Smith captained NCAA Div 1 Duke University side and graduated with an Economics and Spanish degree before deciding to pursue her football career abroad, landing a professional contract in Germany with then European Champions, FFC Frankfurt.

Smith then played for the Sunnanå SK in Sweden and then Newcastle Jets in the inaugural W-League in Australia, before being signed by VfL Wolfsburg on 2 February 2009. While at VfL Wolfsburg, Smith helped the club win the coveted Treble (Triple), the Frauen-Bundesliga in 2012–2013, the UEFA Women's Champions League in 2012–2013 with a 1–0 win over Lyon in the finals, and the DFB Pokal as well as the Ladies First Cup in 2013 with a 2–0 win over Barcelona in the finals.

In 2013, she ended her career due to knee problems.

International 
Smith made her Football Ferns debut in a 15–0 victory over Samoa on 7 April 2003, and captained New Zealand at the 2007 FIFA Women's World Cup finals in China, where they lost to Brazil 0–5, Denmark (0-2) and China (0-2).
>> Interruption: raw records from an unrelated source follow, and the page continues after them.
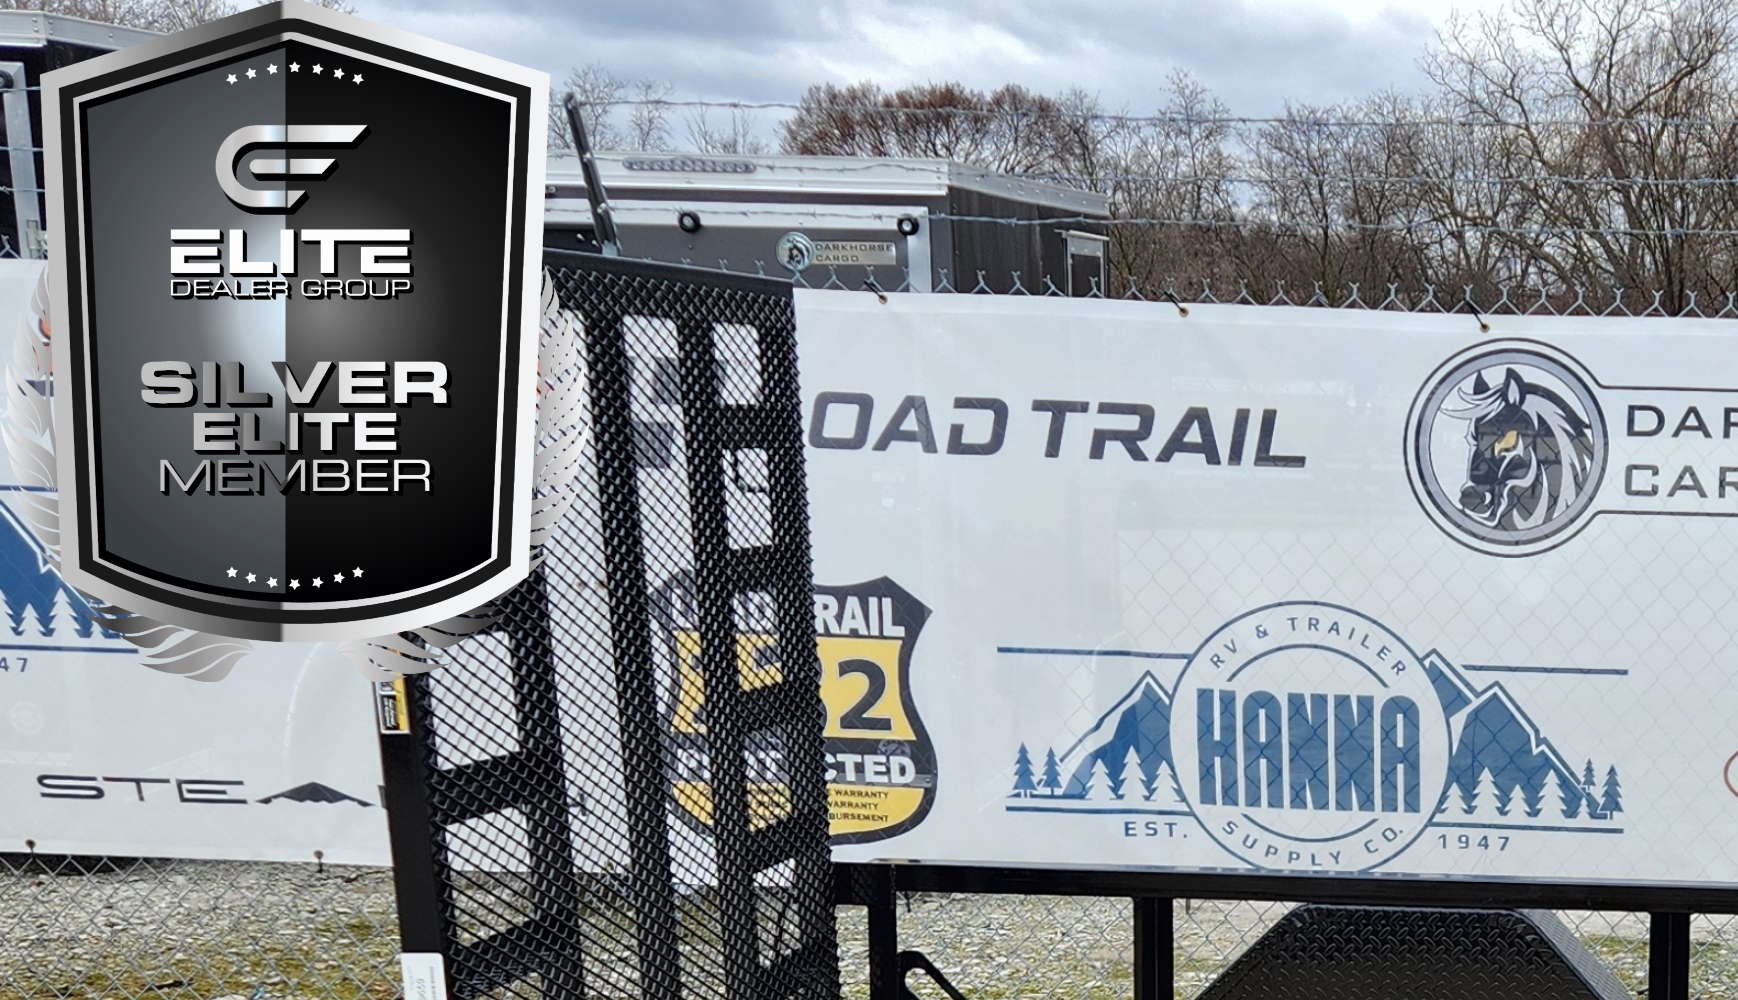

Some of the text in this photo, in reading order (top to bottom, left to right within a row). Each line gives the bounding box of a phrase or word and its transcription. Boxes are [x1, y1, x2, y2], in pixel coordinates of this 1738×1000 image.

[814, 243, 894, 253] DARKHORSE
[815, 254, 860, 263] CARGO
[808, 391, 1307, 469] OAD TRAIL
[815, 594, 906, 638] RAIL
[1209, 616, 1407, 677] RV & TRAILER
[0, 656, 29, 673] 47
[1196, 688, 1421, 813] HANNA
[834, 789, 890, 800] WARRANTY
[828, 812, 890, 823] BURSEMENT
[1123, 820, 1189, 839] EST.
[1221, 820, 1405, 867] SUPPLY CO.
[1438, 833, 1512, 852] 1947
Smith was also included in the New Zealand squad for the 2008 Summer Olympics where they drew with Japan (2-2) before losing to Norway(0-1) and USA (0-4). Smith's solid performances in New Zealand's rearguard earned her a FIFA Women's World Player of the Year nomination in 2007 and New Zealand Player of the Year in 2007. She was also named Oceania's Player of the Year twice in both 2011 and 2013.

Smith played her 50th international in a friendly against Australia on 12 May 2011.

Smith captained New Zealand for the 2011 FIFA Women's World Cup finals in Germany.

Smith again captained the New Zealand team that reached the quarter-finals at the 2012 Summer Olympics.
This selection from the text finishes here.